-- TASK DETAILS --
Lines outside the range are not wanted. Give again exactly the lines between the line holding "this 1312×1476 image." and the line holding "this 2324×1581 image.", inclusive, from the listing below.

______________________________

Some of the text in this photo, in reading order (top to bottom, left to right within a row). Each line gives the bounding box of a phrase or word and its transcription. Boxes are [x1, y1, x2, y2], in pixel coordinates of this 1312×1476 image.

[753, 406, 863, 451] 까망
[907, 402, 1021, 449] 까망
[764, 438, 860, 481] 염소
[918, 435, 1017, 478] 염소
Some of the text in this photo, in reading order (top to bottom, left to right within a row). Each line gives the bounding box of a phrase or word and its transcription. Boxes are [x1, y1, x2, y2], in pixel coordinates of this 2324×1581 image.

______________________________

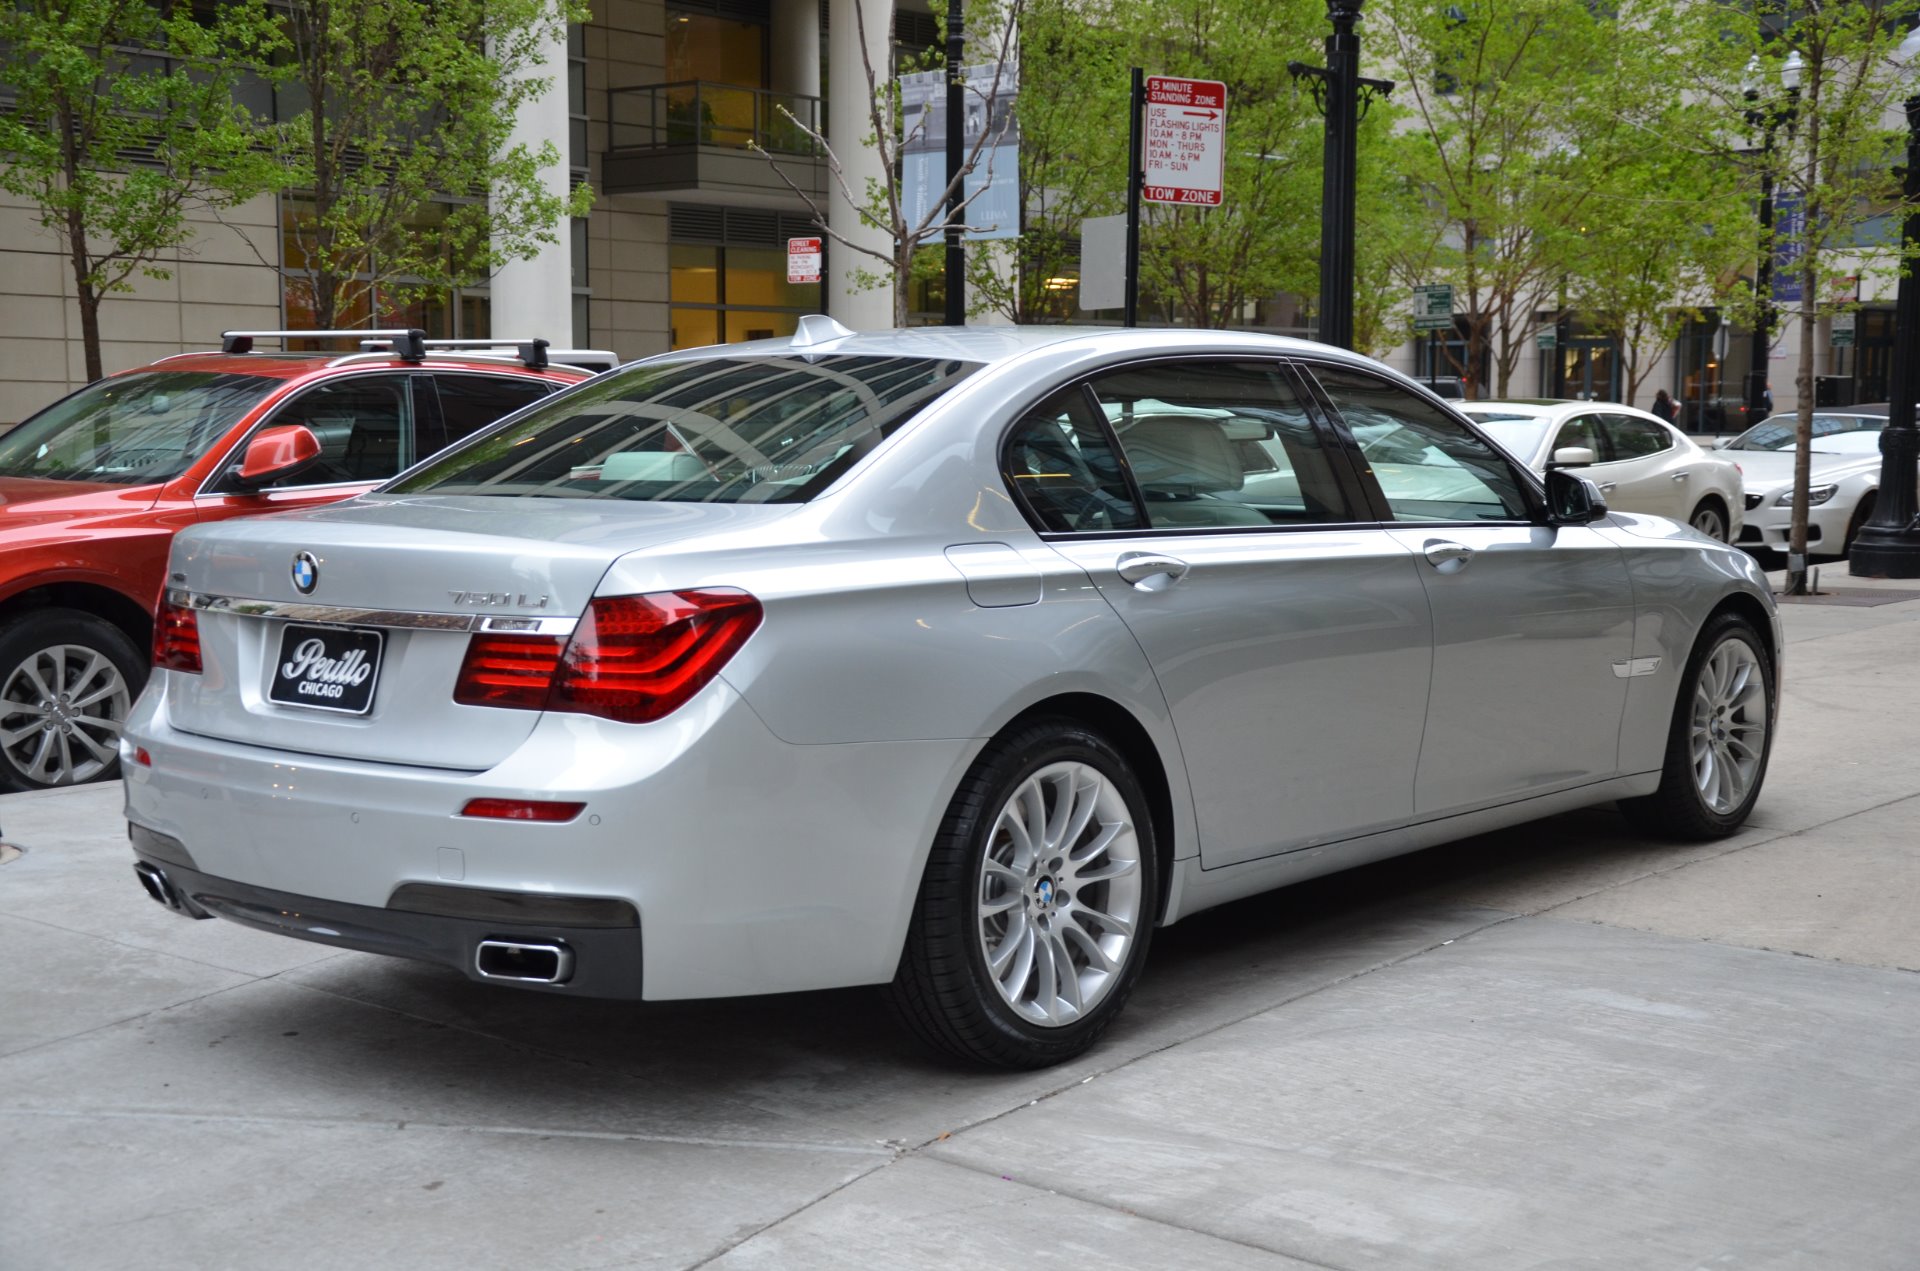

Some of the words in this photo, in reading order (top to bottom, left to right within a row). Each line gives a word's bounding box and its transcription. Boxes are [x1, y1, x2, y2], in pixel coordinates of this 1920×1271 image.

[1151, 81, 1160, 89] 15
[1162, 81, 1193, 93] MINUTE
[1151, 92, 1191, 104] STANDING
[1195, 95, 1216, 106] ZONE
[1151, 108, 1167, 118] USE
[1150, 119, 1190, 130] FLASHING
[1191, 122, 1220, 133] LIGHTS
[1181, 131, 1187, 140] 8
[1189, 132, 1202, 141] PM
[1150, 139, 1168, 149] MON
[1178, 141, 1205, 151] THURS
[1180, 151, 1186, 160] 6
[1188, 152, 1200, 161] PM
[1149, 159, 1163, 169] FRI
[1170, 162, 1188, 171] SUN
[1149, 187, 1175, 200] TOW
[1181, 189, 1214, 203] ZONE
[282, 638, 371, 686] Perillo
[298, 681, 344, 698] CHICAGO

______________________________

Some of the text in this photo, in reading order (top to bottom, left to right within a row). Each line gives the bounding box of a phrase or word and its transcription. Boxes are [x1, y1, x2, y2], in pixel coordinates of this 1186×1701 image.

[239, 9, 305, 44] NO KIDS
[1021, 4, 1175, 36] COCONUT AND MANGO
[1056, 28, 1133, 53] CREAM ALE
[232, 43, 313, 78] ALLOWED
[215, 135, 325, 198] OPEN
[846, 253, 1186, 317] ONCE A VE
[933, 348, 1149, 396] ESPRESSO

______________________________

-- RESPONSE TO THE EXERCISE --
Some of the text in this photo, in reading order (top to bottom, left to right within a row). Each line gives the bounding box of a phrase or word and its transcription. Boxes are [x1, y1, x2, y2], in pixel coordinates of this 1312×1476 image.

[753, 406, 863, 451] 까망
[907, 402, 1021, 449] 까망
[764, 438, 860, 481] 염소
[918, 435, 1017, 478] 염소
Some of the text in this photo, in reading order (top to bottom, left to right within a row). Each line gives the bounding box of a phrase or word and its transcription. Boxes are [x1, y1, x2, y2], in pixel coordinates of this 2324×1581 image.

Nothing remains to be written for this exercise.